Personal information
- Full name: Samuel Afriyie Owusu
- Date of birth: December 13, 2000 (age 25)
- Place of birth: Kumasi, Ghana
- Height: 1.88 m (6 ft 2 in)
- Position: Defender

Team information
- Current team: Union Omaha
- Number: 4

Youth career
- 2016–2022: New York City FC

Senior career*
- Years: Team / Apps / (Gls)
- 2022–2023: New York City FC / 1 / (0)
- 2022–2024: New York City FC II / 64 / (4)
- 2025–: Union Omaha / 27 / (1)

= Samuel Owusu (footballer, born 2000) =

Ghanaian footballer (born 2000)

Samuel Afriyie "Kwaku" Owusu (born December 13, 2000) is a Ghanaian footballer who plays for Union Omaha in the USL League One.

==Playing career==
===Youth===
Owusu joined MLS club in 2016, entering their academy at the U15 level and working his way through several age categories.
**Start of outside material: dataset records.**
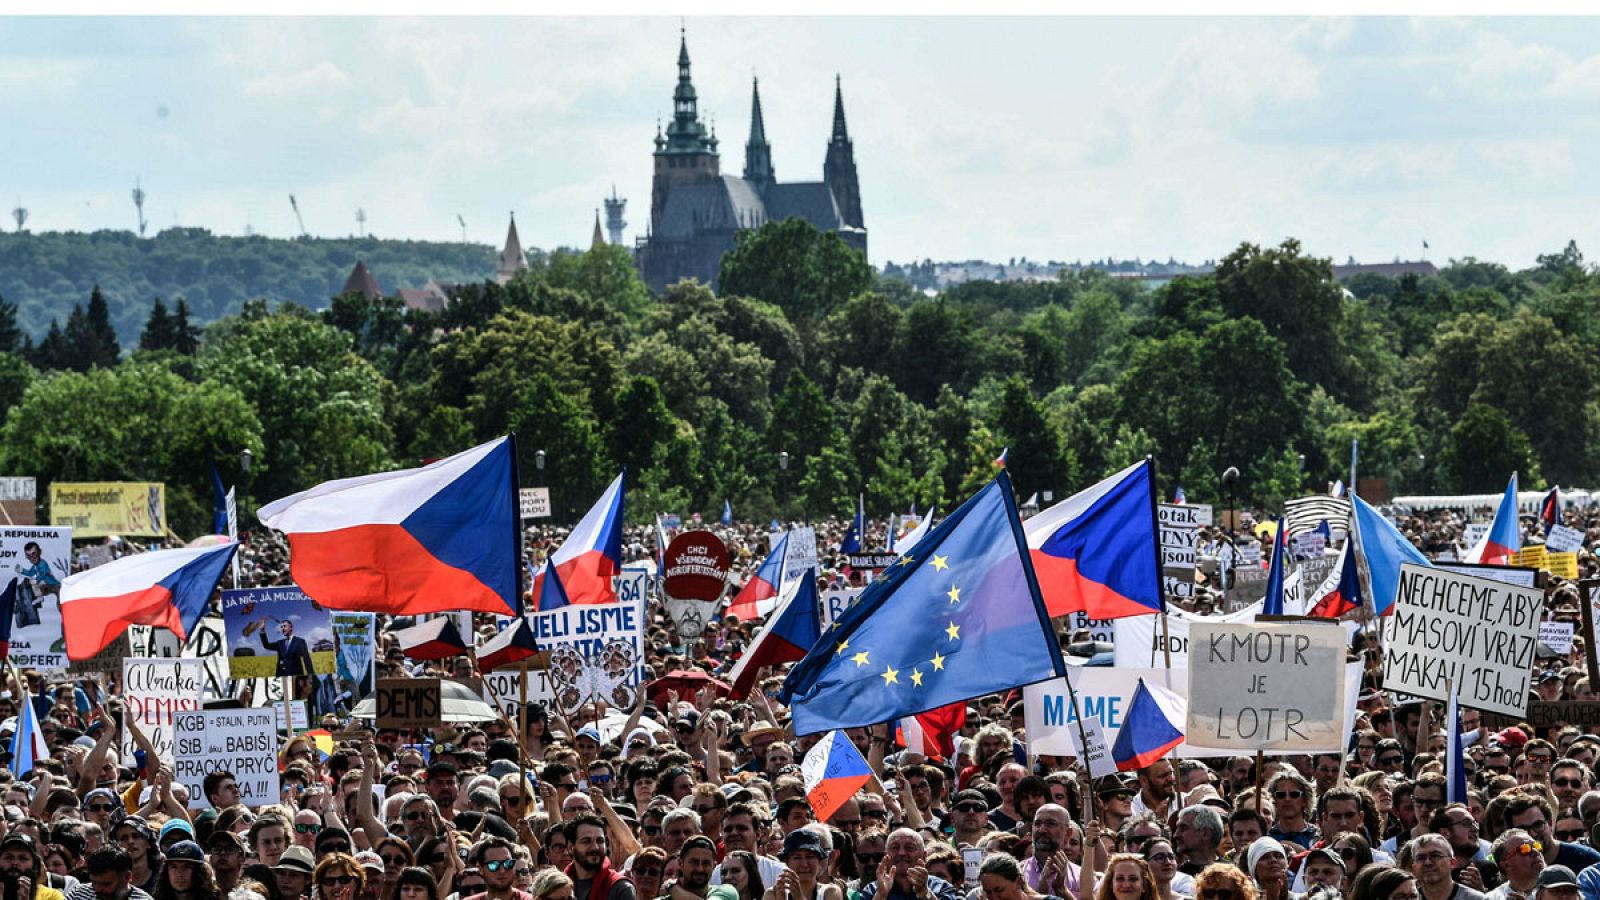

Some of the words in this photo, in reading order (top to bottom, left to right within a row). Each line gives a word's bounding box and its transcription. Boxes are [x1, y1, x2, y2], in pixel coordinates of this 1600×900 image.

[1171, 508, 1197, 523] tak
[4, 530, 59, 538] REPUBLIKA
[687, 545, 708, 555] CHCI
[1162, 548, 1195, 565] jsou
[225, 598, 238, 608] JÁ
[259, 591, 272, 602] JÁ
[1397, 570, 1498, 626] NECHCEME,
[1498, 592, 1542, 630] ABY
[576, 606, 636, 634] JSME
[1208, 631, 1310, 666] KMOTR
[1392, 609, 1482, 658] MASOVÍ
[1484, 627, 1536, 671] VRAZI
[1247, 674, 1267, 694] JE
[1471, 667, 1494, 702] 15
[1493, 671, 1527, 710] hod.
[376, 687, 441, 719] DEMISI
[1043, 689, 1121, 728] MÁME
[176, 715, 205, 732] KGB
[215, 716, 245, 728] STALIN,
[247, 715, 270, 727] PUTIN
[1216, 707, 1310, 741] LOTR
[179, 738, 202, 754] StB
[226, 732, 274, 753] BABIŠI,
[176, 759, 232, 777] PRACKY
[235, 753, 274, 775] PRYČ
[256, 781, 269, 798] !!!
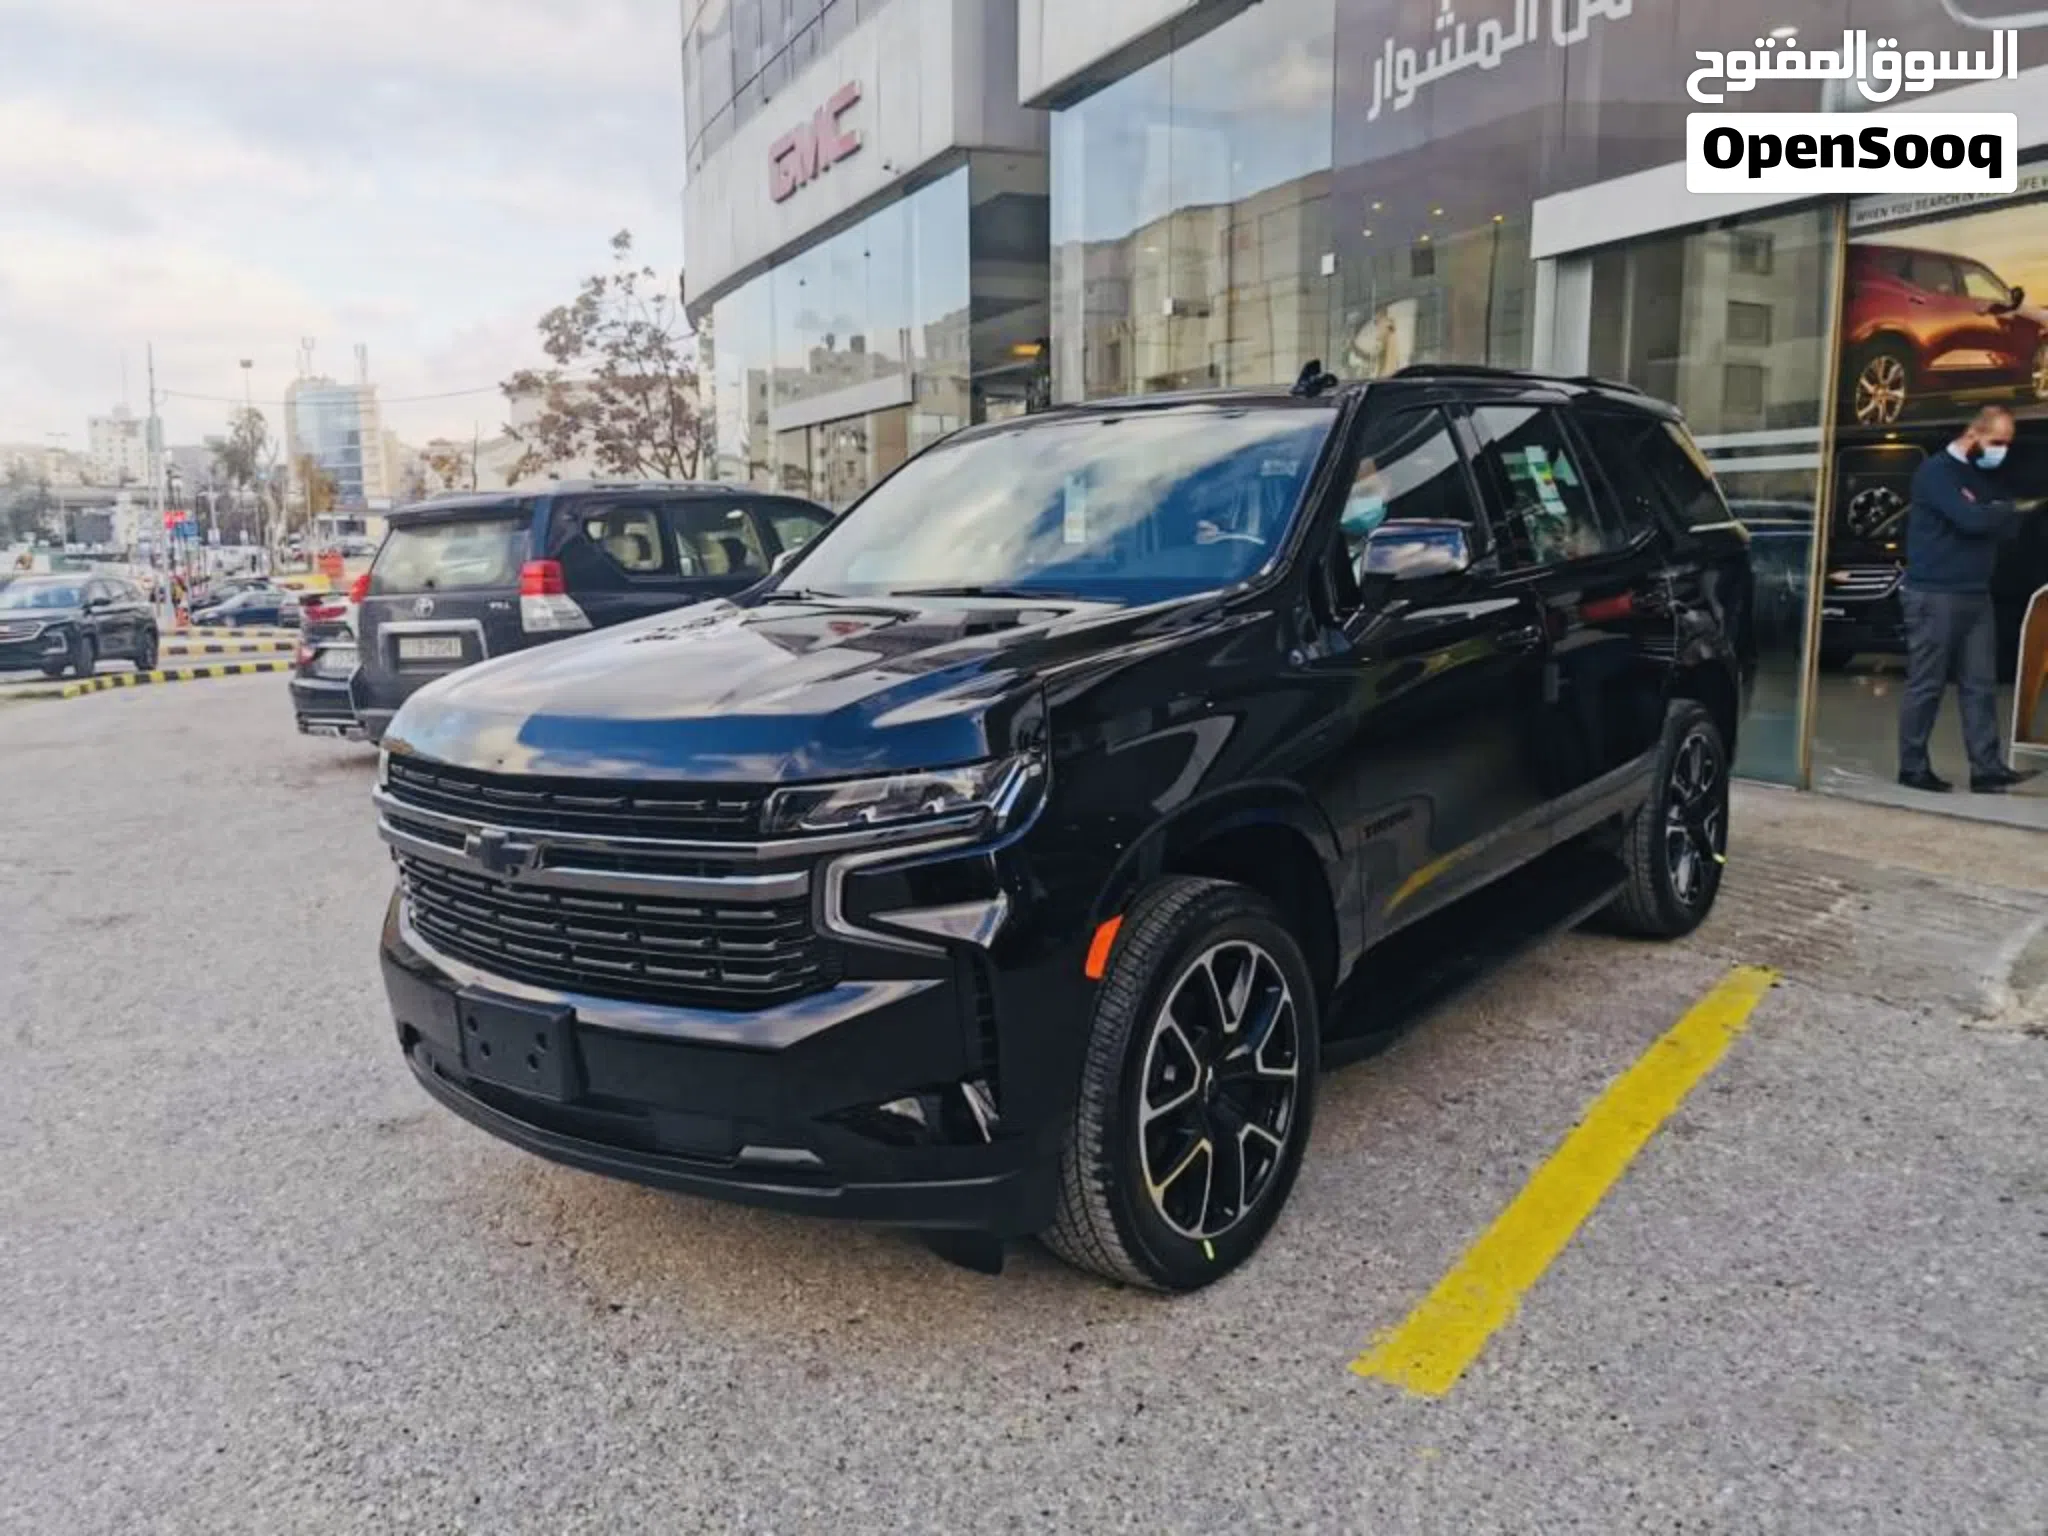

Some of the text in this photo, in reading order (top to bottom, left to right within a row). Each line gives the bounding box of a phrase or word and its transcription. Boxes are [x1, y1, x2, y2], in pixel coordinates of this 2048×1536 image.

[1367, 0, 1538, 122] المشوار
[767, 80, 862, 204] GMC
[1856, 207, 1889, 222] WHEN
[1914, 193, 1961, 211] SEARCH
[2017, 175, 2041, 191] IFE
With them, he won the Generation Adidas Cup in 2016 and the U.S. Soccer Development Academy national championship in 2018 and 2019.

===Professional===
On January 19, 2022, Owusu signed his first professional contract with New York City FC. The club announced that he would be made available for the club's new development side, New York City FC II, playing in the first season of MLS Next Pro.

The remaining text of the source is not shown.